Of course, if the Sixers can hang tough for three quarters, the loss of Rose does mean that the Bulls now join our ranks of the closerless—without Rose, crunchtime possessions either run through likely replacement starter CJ Watson or post scorer Carlos Boozer, neither of whom anyone is going to be confusing with Dirk Nowitzki in the fourth quarter anytime soon. You'd still probably take their options over those of the Sixers, but it at least means that one of the Bulls' biggest advantages over the Sixers going into the series has been nullified somewhat, and should the games ever be tight down the stretch, we'll all be hugely relieved not to see #1 in red dancing around in the half-court, causing all kinds of trouble for Philly.

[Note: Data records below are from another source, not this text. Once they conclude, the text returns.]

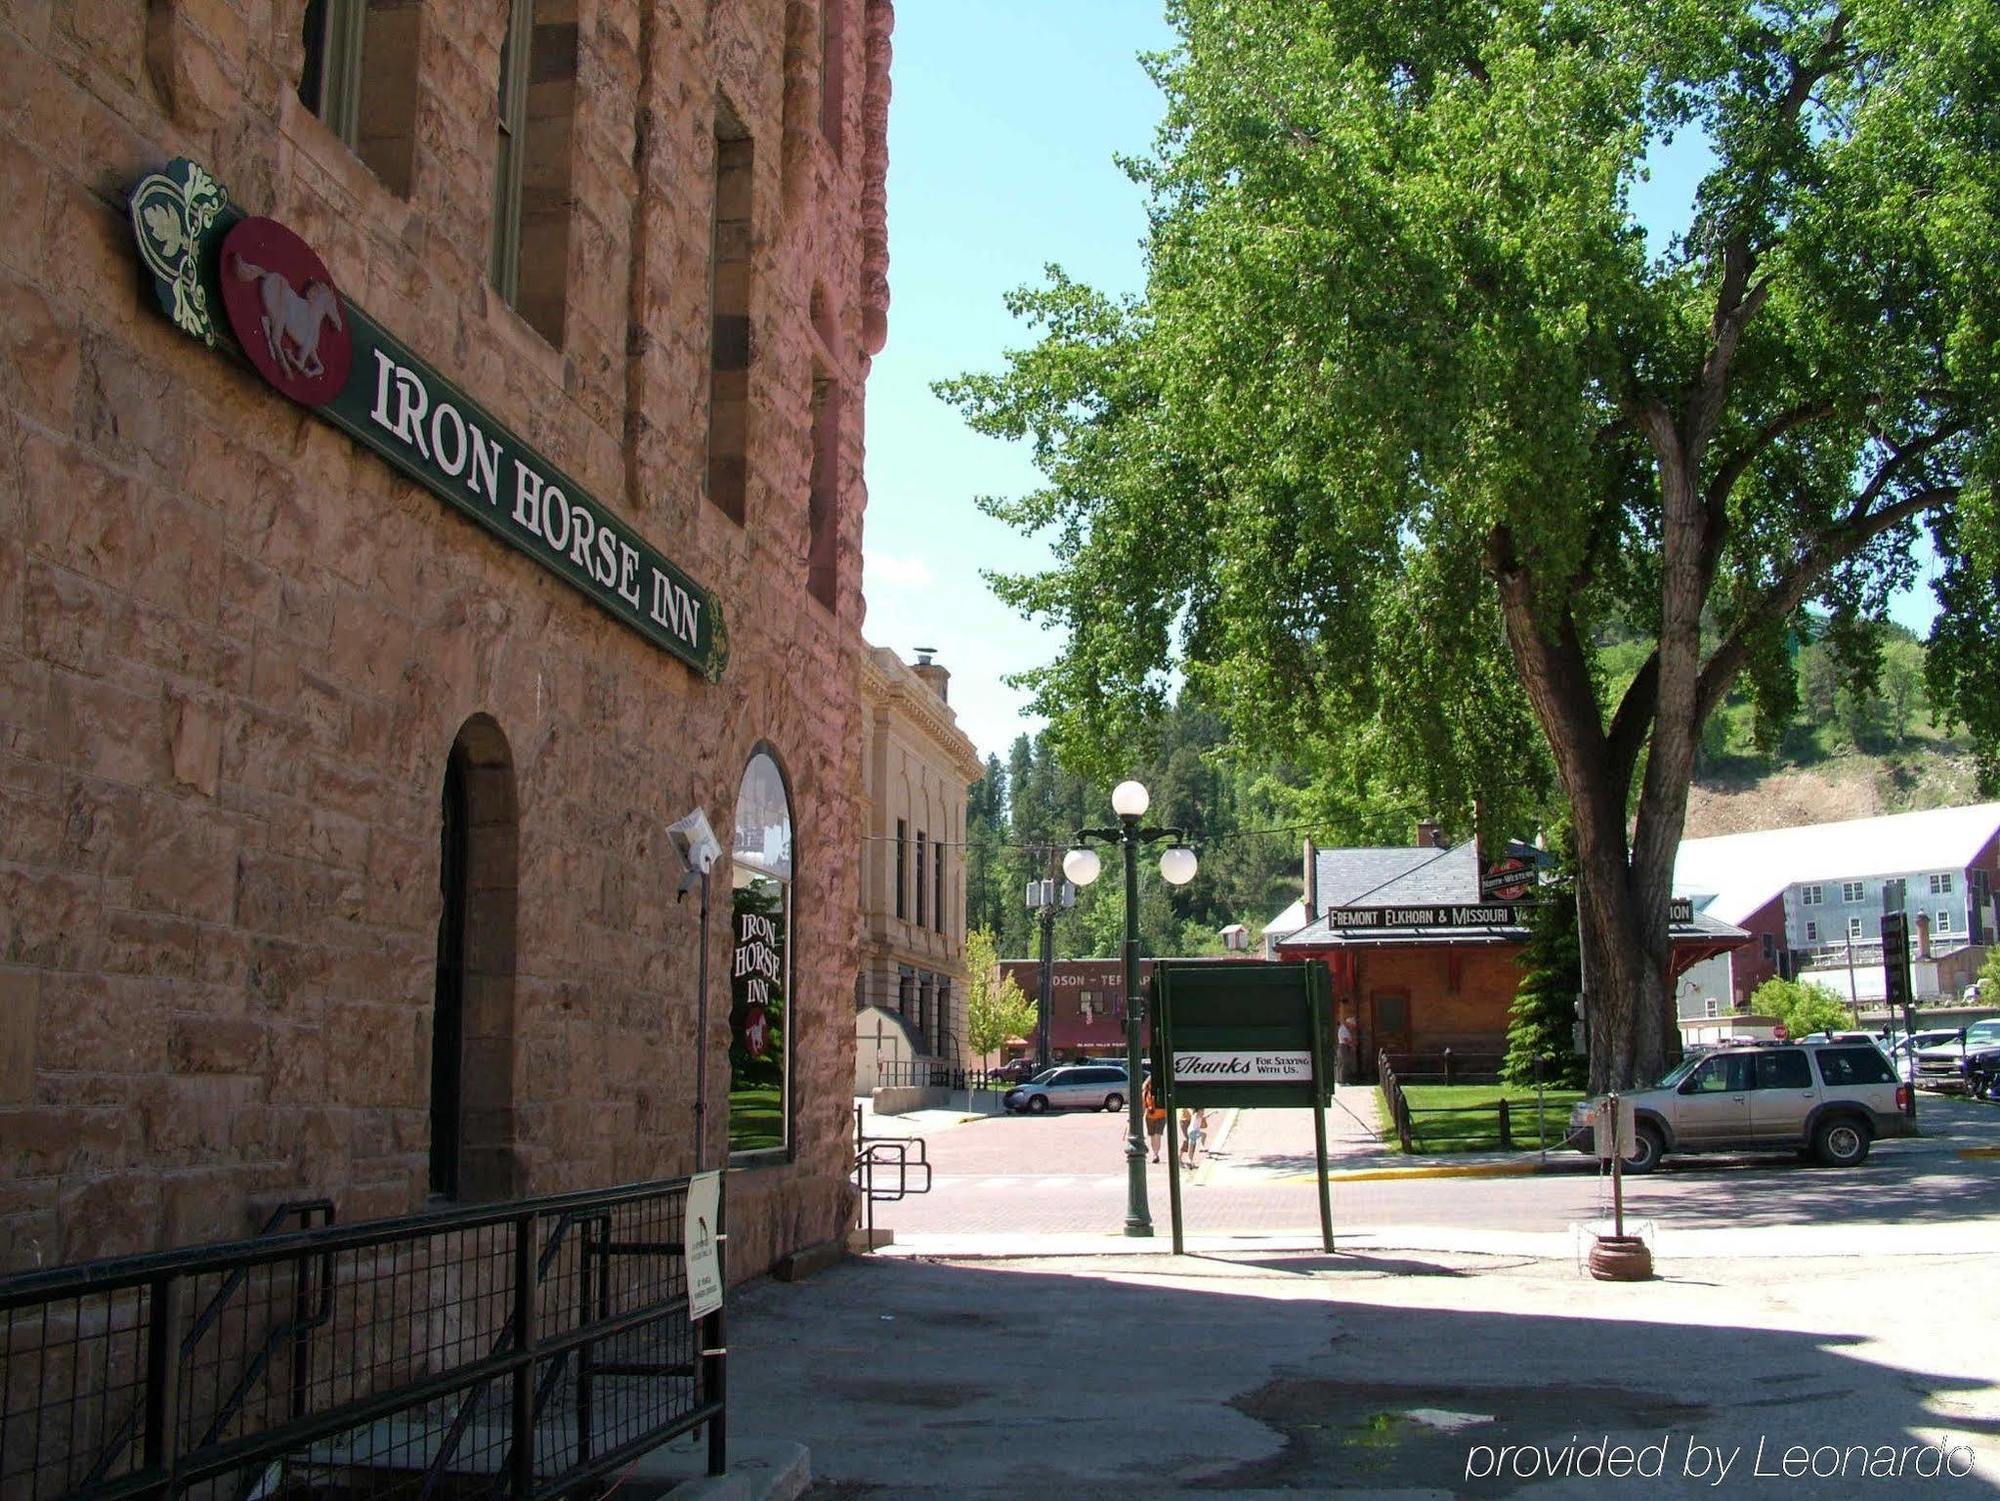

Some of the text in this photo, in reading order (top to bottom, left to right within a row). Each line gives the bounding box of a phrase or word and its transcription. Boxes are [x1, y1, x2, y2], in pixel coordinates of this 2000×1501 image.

[371, 349, 701, 648] IRON HORSE INN
[741, 914, 776, 948] IRON
[1331, 910, 1378, 927] FREMONT
[1385, 910, 1433, 926] ELKHORN
[1438, 910, 1447, 922] &
[1453, 907, 1508, 925] MISSOURI
[735, 942, 781, 987] HORSE
[747, 979, 769, 1005] INN
[1175, 1056, 1251, 1074] Thanks

8:00 tip tonight from the United Center. Hard to say exactly where the series goes from here, but realistically speaking, post-Rose injury I'd adjust the Sixers' chances in this series from about 1 in 15 to about 1 in 8 -- even if that's about twice as likely, it's still a relatively small chance in general. If the Sixers are goign to win this series, then I don't think I'm going out on much of a limb by saying they have to start with a win tonight -- punch the reeling Chicago in the mouth, take back home court and put the rest of the league on notice that the Bulls haven't advanced to face the Celtics (or maybe the Hawks, and then maybe the Heat) just yet.